Prior to that time, the child attended day care three days a week, and continues to do so. I have had regard to the evidence in that regard. I accept the submission that a change in residence would be another major change in this child’s life. The child has not spent extended time with his mother since 2018, and I note the comments of the family consultant that it would be both frightening and re-traumatising.
Section 60CC(3)(e) the practical difficulty and expense of a child spending time with and communicating with a parent and whether that difficulty or expense will substantially affect the child's right to maintain personal relations and direct contact with both parents on a regular basis;
I accept that there are practical difficulties and expense, particularly to this family of relatively modest means. Neither party has proposed that they move closer to the child. Each of the parties seek that the child reside with them, so those are the only options that are available to the Court.
I accept the evidence of the father as to the cost of travel and the impact of travel on the child. This means that it cannot be significant and substantial time or more, and certainly not equal time. The travel, particularly as the child would need to travel with a parent, would need to be thought out carefully and would be relatively costly.
Section 60CC(3)(f) the capacity of:
(i)each of the child's parents; and
(ii)any other person (including any grandparent or other relative of the child);
to provide for the needs of the child, including emotional and intellectual needs;
I am satisfied that the father has the capacity to care for the child, including his emotional needs, and has met those for the whole of the child’s life so far.
There is some concern about the mother’s capacity to meet the emotional needs of the child, however I do not share that concern to the extent that it is submitted to me by counsel for the father.
Section 60CC(3)(g) the maturity, sex, lifestyle and background (including lifestyle, culture and traditions) of the child and of either of the child's parents, and any other characteristics of the child that the court thinks are relevant;
I am satisfied the father is a committed and loving parent to this child, and works full-time as well as caring for the child. There is no evidence of any other abuses such as alcohol or substance abuse, and I have dealt with the question of family violence earlier in these reasons.
There is little evidence of the mother’s lifestyle in Italy, but we do know that the mother is a person of modest means.
Section 60CC(3)(h) if the child is an Aboriginal child or a Torres Strait Islander child:
(i)the child’s right to enjoy his or her Aboriginal or Torres Strait Islander culture (including the right to enjoy that culture with other people who share that culture); and
(ii)the likely impact any proposed parenting order under this Part will have on that right;
This is not a relevant consideration in these proceedings.

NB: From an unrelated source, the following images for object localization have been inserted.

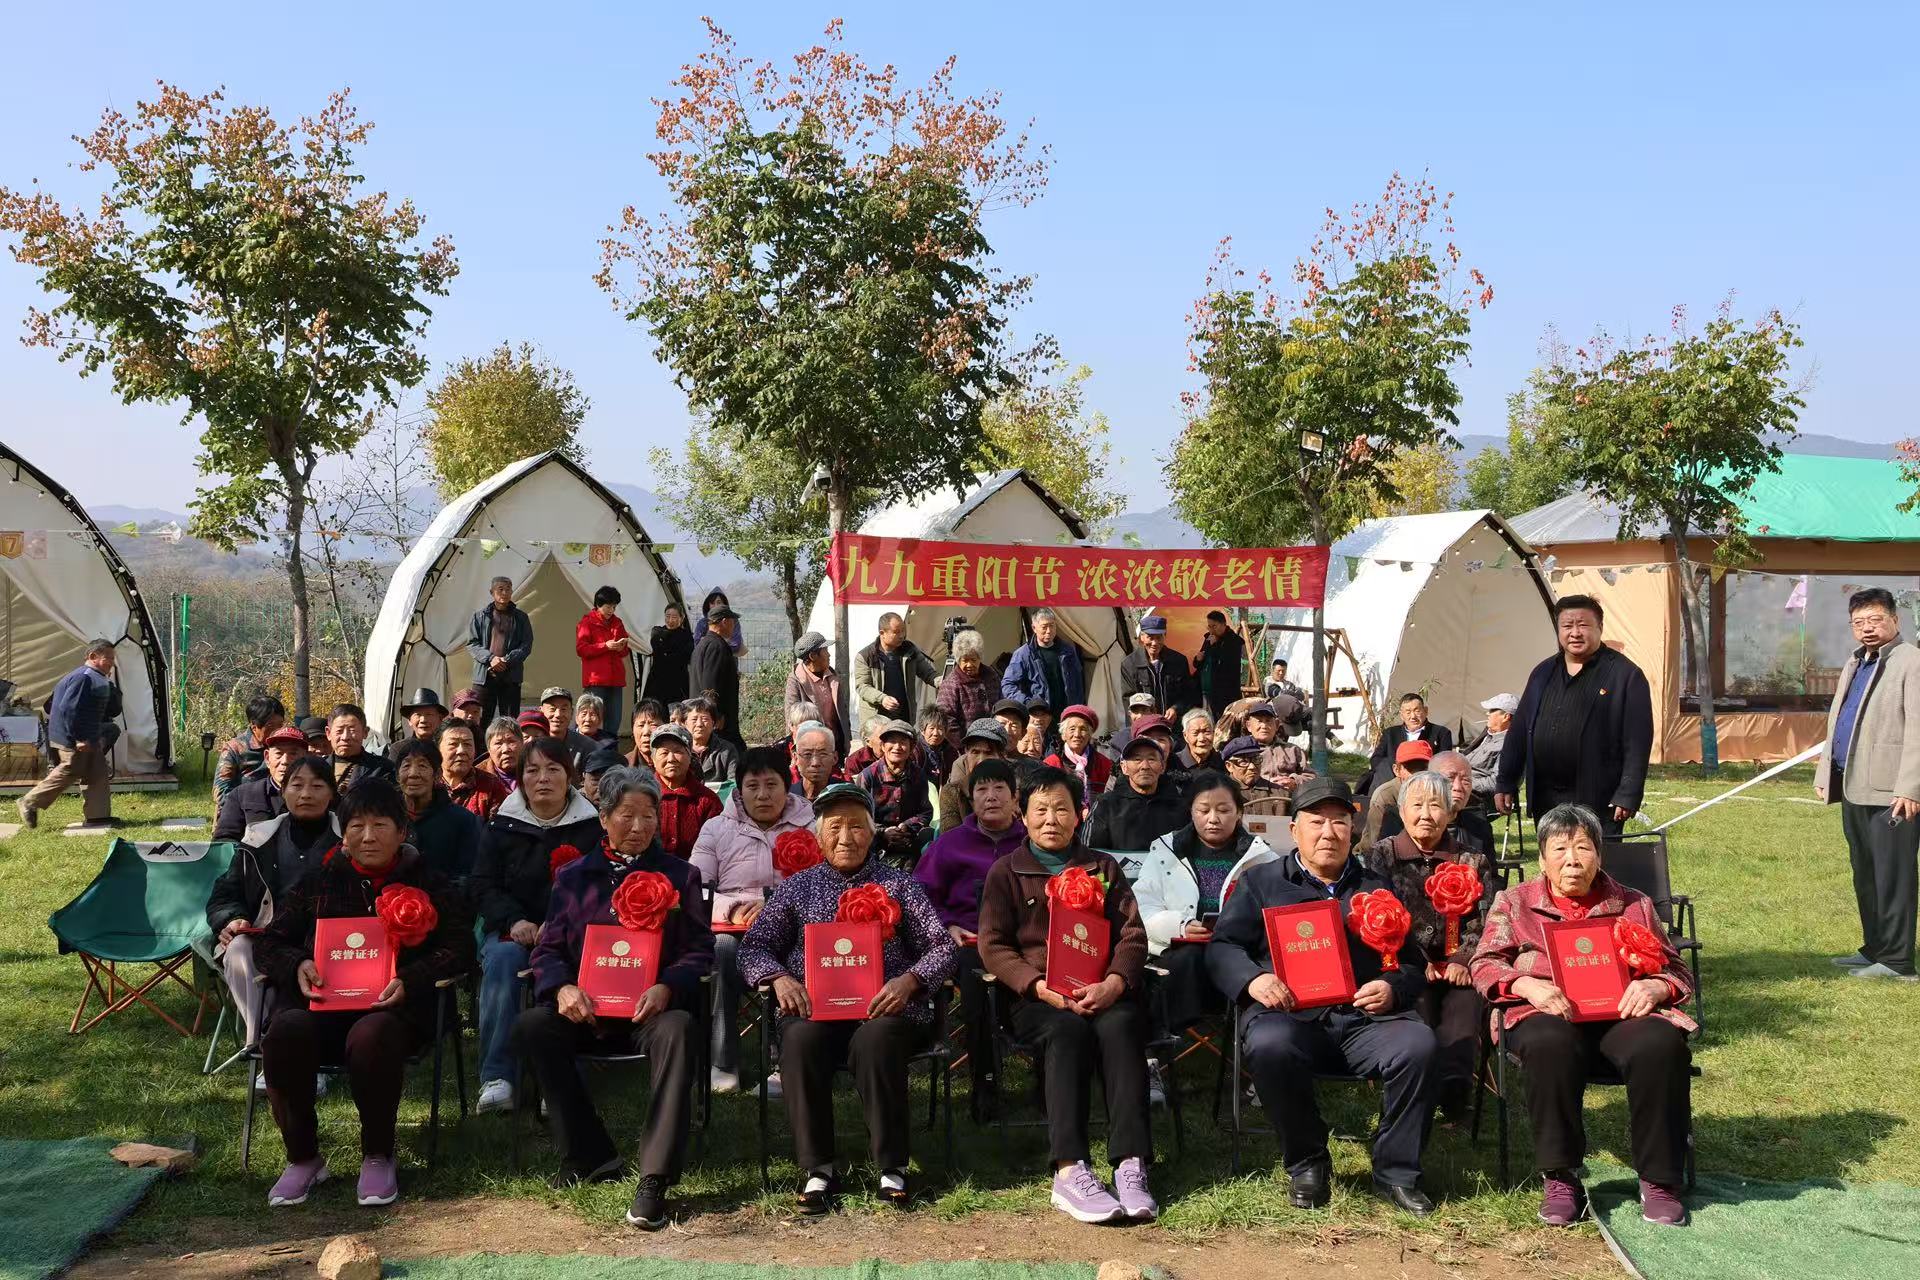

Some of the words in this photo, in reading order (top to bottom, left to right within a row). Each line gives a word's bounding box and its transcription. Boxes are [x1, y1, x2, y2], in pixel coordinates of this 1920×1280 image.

[6, 537, 17, 553] 7
[836, 545, 1065, 600] 九九重阳节
[1076, 556, 1303, 601] 浓浓敬老情
[1062, 933, 1098, 957] 荣誉证书
[1285, 937, 1332, 953] 荣誉证书
[330, 948, 379, 960] 荣誉证书
[820, 954, 868, 968] 荣誉证书
[1564, 953, 1611, 968] 荣誉证书
[595, 956, 642, 968] 荣誉证书
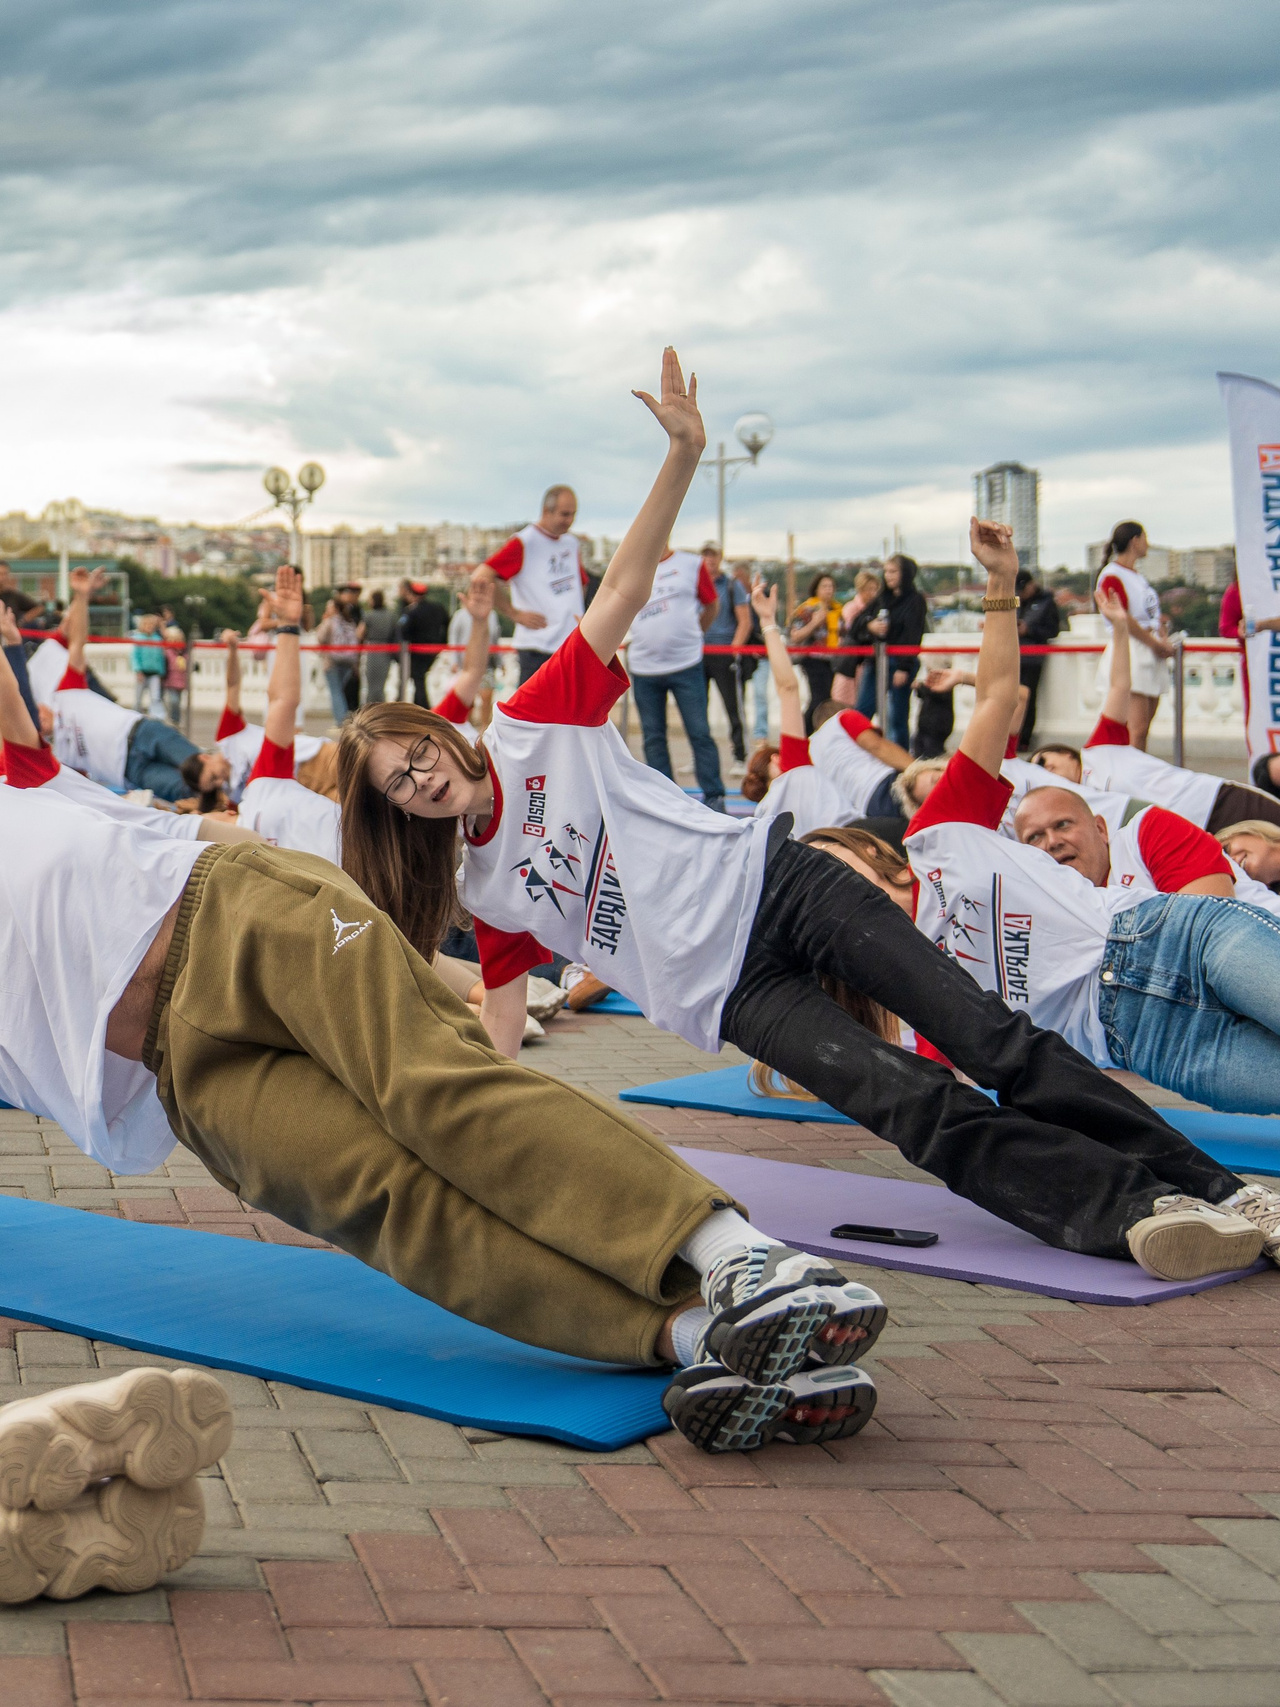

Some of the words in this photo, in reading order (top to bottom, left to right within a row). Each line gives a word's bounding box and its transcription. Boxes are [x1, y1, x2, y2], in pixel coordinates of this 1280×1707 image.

[523, 791, 546, 838] BOSCO
[332, 919, 373, 955] JORDAN
[591, 853, 627, 956] ЗАРЯДК
[1004, 912, 1032, 1004] ЗАРЯДКА

Section 60CC(3)(i) the attitude to the child, and to the responsibilities of parenthood, demonstrated by each of the child's parents;
The father has taken his responsibility of the care of the child seriously. The mother has in some respects taken a different approach to that of the father.
Section 60CC(3)(j) any family violence involving the child or a member of the child’s family; and
Section 60CC(3)(k) if a family violence order applies, or has applied, to the child or a member of the child's family any relevant inferences that can be drawn from the order, taking into account the following:
(i)the nature of the order;
(ii)the circumstances in which the order was made;
(iii)any evidence admitted in proceedings for the order;
(iv)any findings made by the court in, or in proceedings for, the order;
(v)any other relevant matter;
As to family violence, I refer to the comments I have made earlier. There are no orders in place.
Section 60CC(3)(l) whether it would be preferable to make the order that would be least likely to lead to the institution of further proceedings in relation to the child;
The main issue in these proceedings is the international relocation, and hopefully these reasons will resolve those.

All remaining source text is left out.